- Born: Pacoima, Los Angeles, California, US
- Known for: Painting
- Website: www.leviponce.com

= Levi Ponce =

American painter

Levi Ponce is an American artist noted for his public portrait murals throughout urban areas of the San Fernando Valley and Southern California.

==Early life and career==
Ponce was born in the Pacoima neighborhood of Los Angeles, California. Ponce attended Cleveland High School (Los Angeles) and graduated from the high school in 2005. In Ponce's high school years, Ponce joined the Reserve Officers' Training Corps. It was through the Corps, in which Ponce came across First Sergeant Rudy Sullivan, whom helped Ponce meet his potential.

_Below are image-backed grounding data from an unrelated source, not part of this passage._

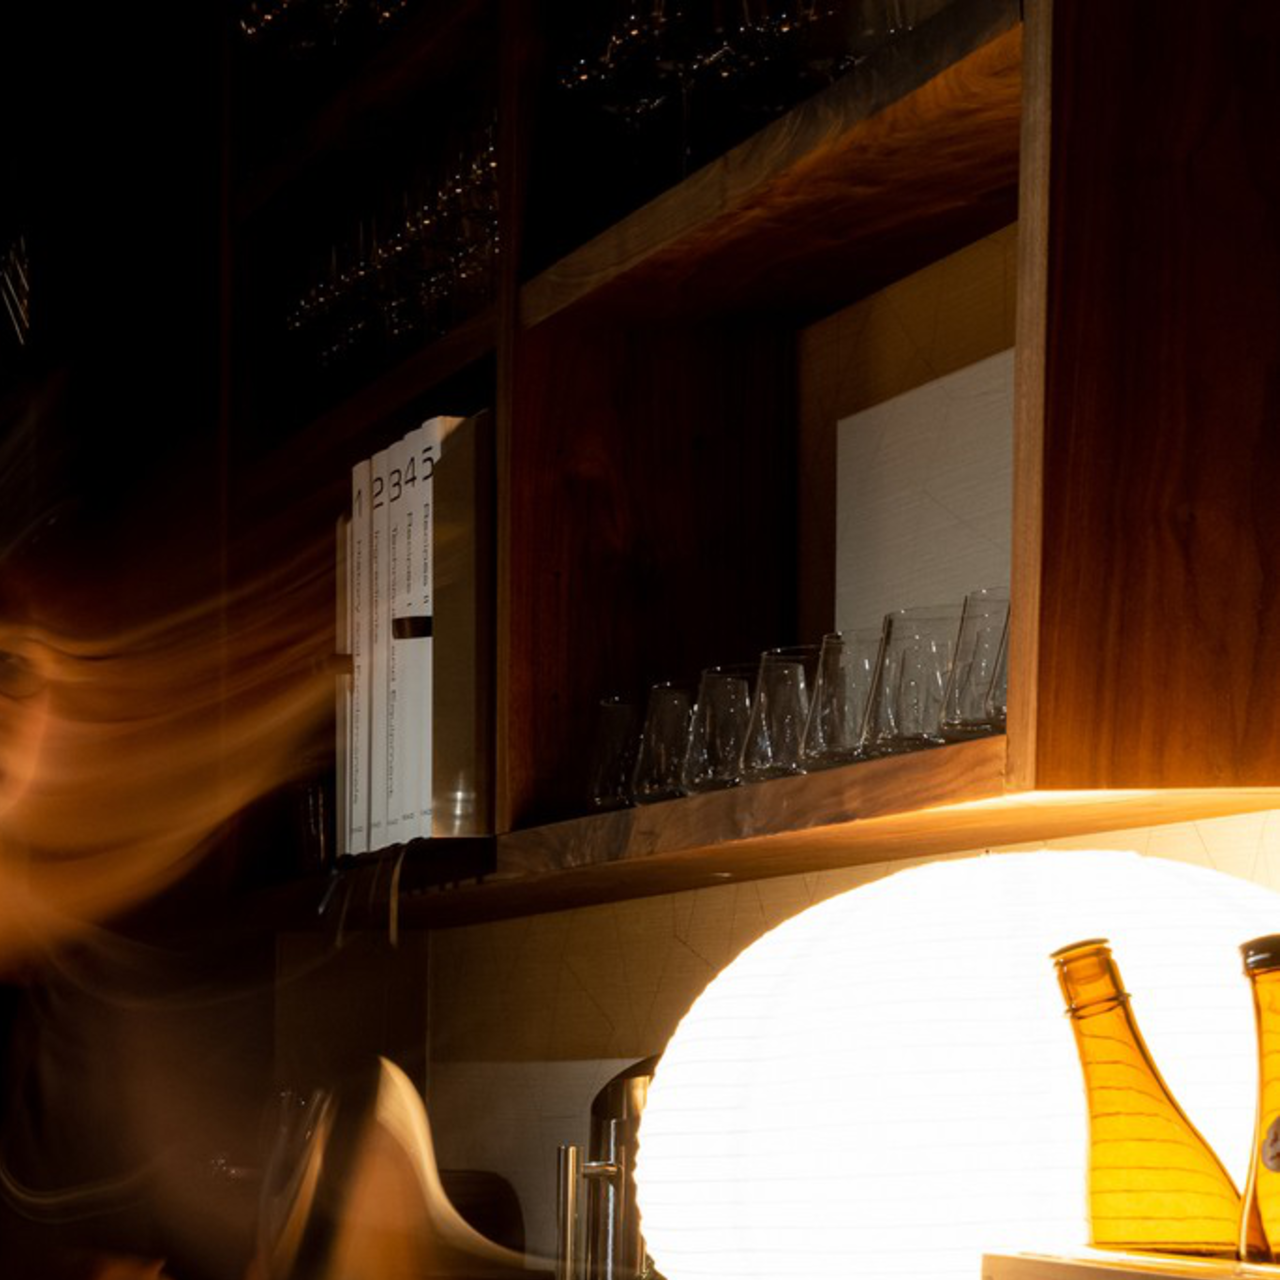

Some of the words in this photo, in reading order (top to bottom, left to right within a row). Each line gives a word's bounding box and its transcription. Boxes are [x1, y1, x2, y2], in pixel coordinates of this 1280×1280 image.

[404, 456, 417, 488] 4
[421, 446, 434, 482] 5
[372, 476, 384, 510] 2
[389, 468, 402, 503] 3
[355, 489, 362, 518] 1
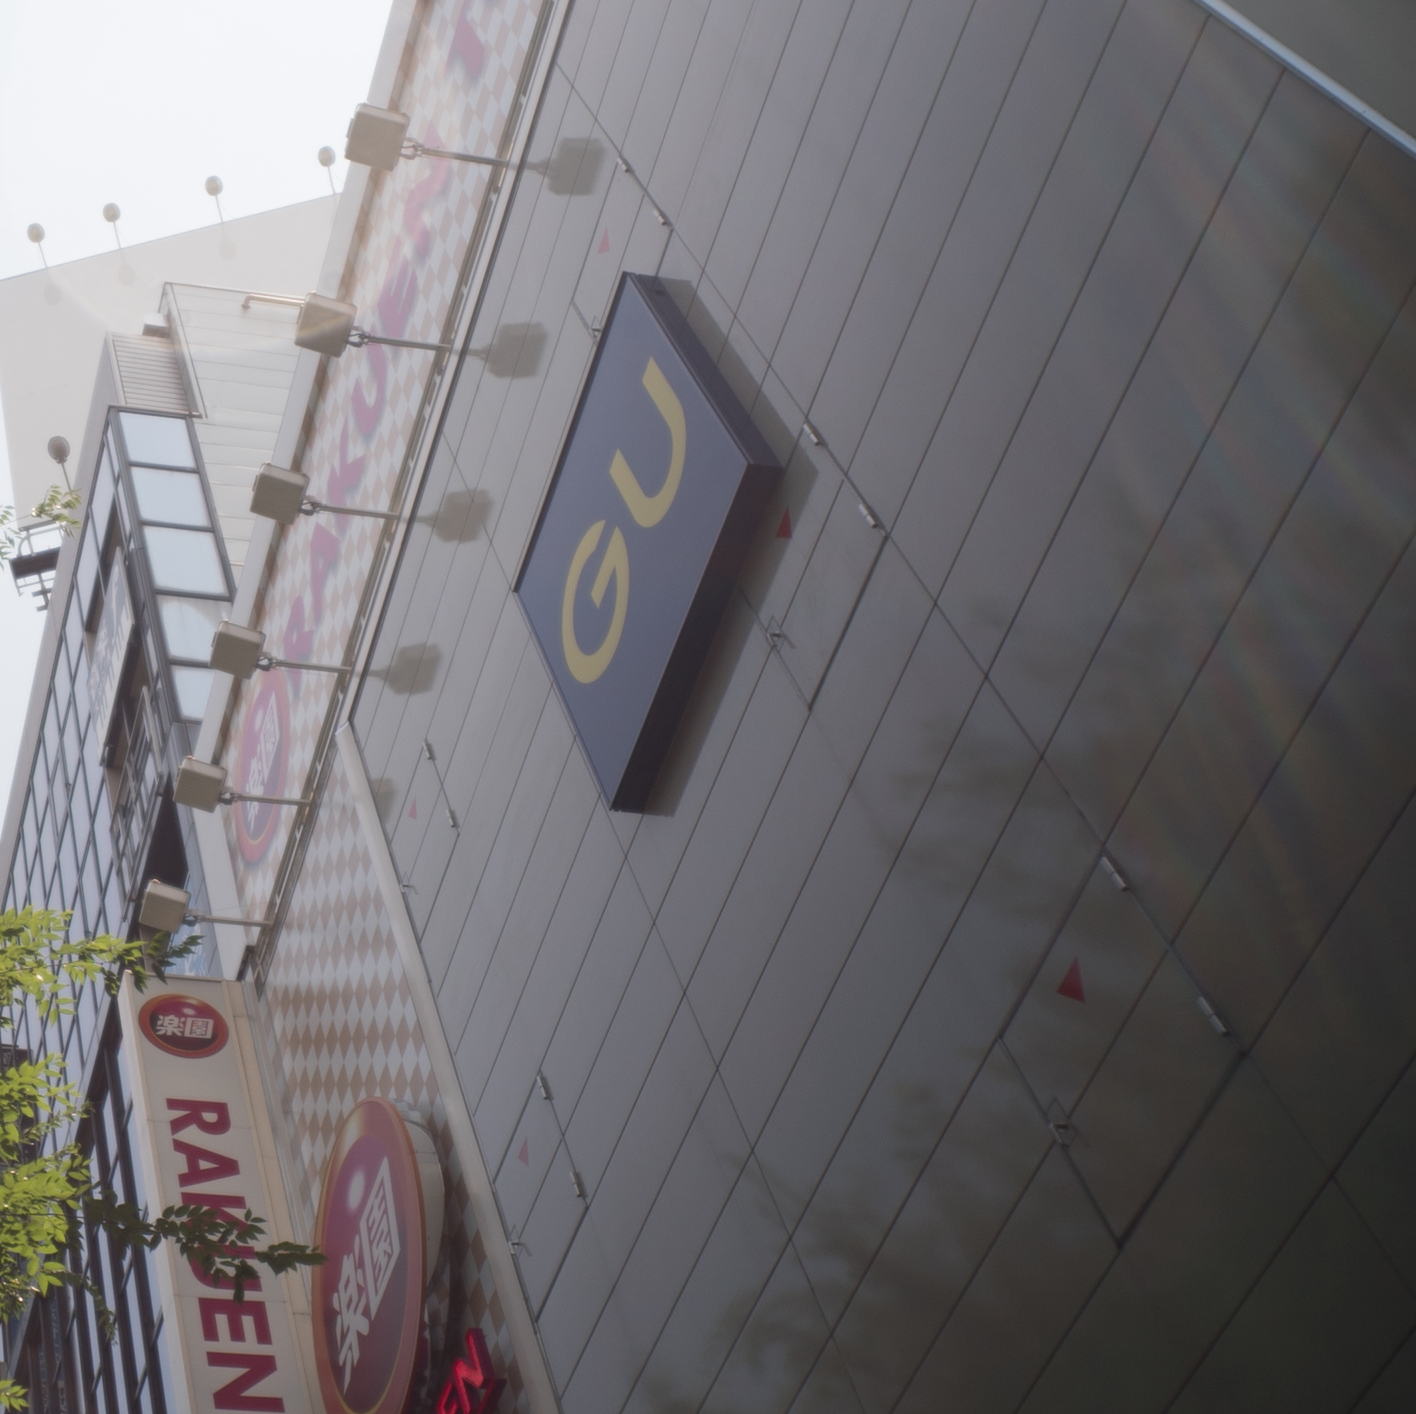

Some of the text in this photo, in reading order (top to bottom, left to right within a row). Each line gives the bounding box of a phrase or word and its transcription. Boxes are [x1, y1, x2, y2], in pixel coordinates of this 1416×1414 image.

[282, 122, 454, 700] RAKUEN
[562, 357, 687, 684] GU
[155, 1013, 215, 1040] 楽園
[165, 1097, 286, 1413] RAKUEN
[332, 1155, 401, 1396] 楽園

He studied animation and graphic design at California State University (Northridge), and received a bachelor's degree in art. Ponce obtained a bachelor's degree in 2D art with a focus in 3D animation. Ponce was influenced by his father, Hector Ponce, a sign painter and muralist whose work appears on many storefronts in Pacoima. Ponce grew up being involved in murals as his father would paint murals, Ponce was inspired to become a muralist thanks to the reaction that his father would receive when his father was done with a mural. Ponce said "the support and respect and the praise and the recognition that locals would give him when he painted in their community was something that I didn’t see anywhere else."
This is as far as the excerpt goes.